Instead of typing “business degree midwest” into Google and scanning ten blue links, a student can now refine their research process by asking: “What are the best affordable business degrees in the Midwest with strong internships?”, and get a synthesised response from an AI assistant. That answer might include a shortlist of universities, a quick comparison of strengths, a rough idea of costs, and maybe a handful of links if they want to dig a little deeper.
Underneath that experience are Large Language Models (LLMs): sophisticated systems trained on huge amounts of text that can understand natural language, spot patterns, and generate fluent replies. They pull from your website, rankings, reviews, news, directories, forums, social content and more.
The new challenge for universities is to get cited in AI answers. That’s where Generative Engine Optimisation (GEO) and Large Language Model Optimisation (LLMO) come in – both part of a broader AI Optimisation (AIO) approach.
Traditional SEO helps you rank in Google; AIO helps you show up across AI models. It isn’t a total reinvention, just an evolution: more answer-focused content, the same high-quality SEO foundations, and a strategy built for how students now search.
For marketing teams, the important shift is that you’re no longer just optimising for a click on a results page. You’re optimising for how AI describes you, ranks you, and recommends you.

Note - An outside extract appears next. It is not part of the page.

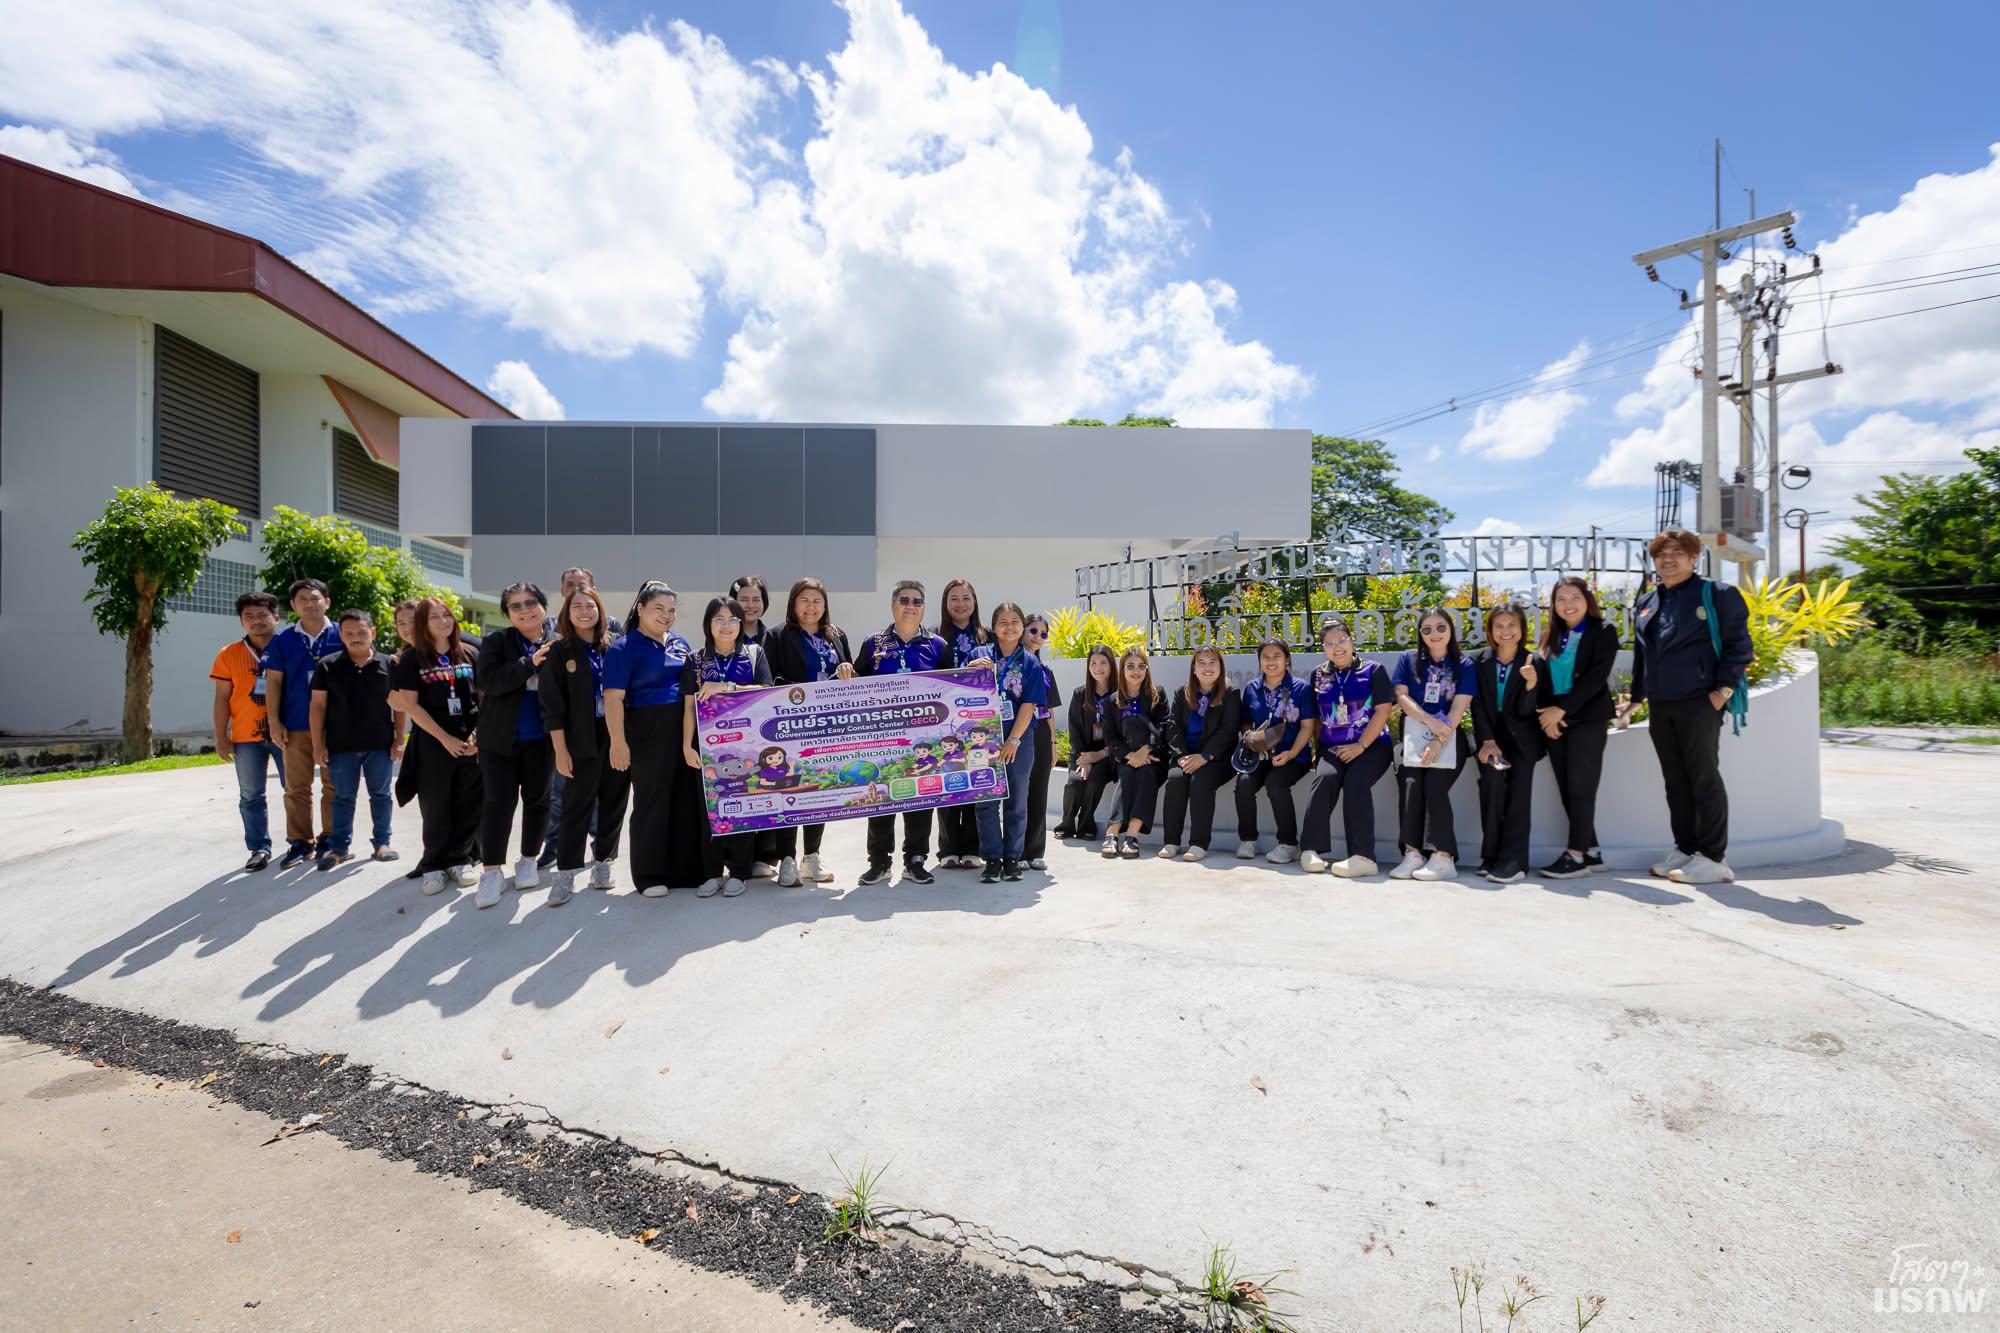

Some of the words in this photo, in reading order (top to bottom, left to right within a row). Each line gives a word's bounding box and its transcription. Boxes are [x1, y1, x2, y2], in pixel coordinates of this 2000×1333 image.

So, how is this directly affecting the research, discovery and search habits of your target market: students?
Across recent higher education research, a few trends stand out:
● AI tools are becoming the default starting point for more complex questions about programmes, careers, and study options
● Usage is skewed heavily towards younger audiences. A far higher share of 18–24-year-olds are regular ChatGPT users compared with Google’s user base in the same age band
● Even Google users are changing the way they search from keyword-based research to long-form questions
Students are asking AI tools to shortlist universities that fit their budget and grades, to compare them with competitors, to decode jargon, and to help them decide what to ask at open days. They still use Google, but increasingly, they’re arriving there after AI has already narrowed the field.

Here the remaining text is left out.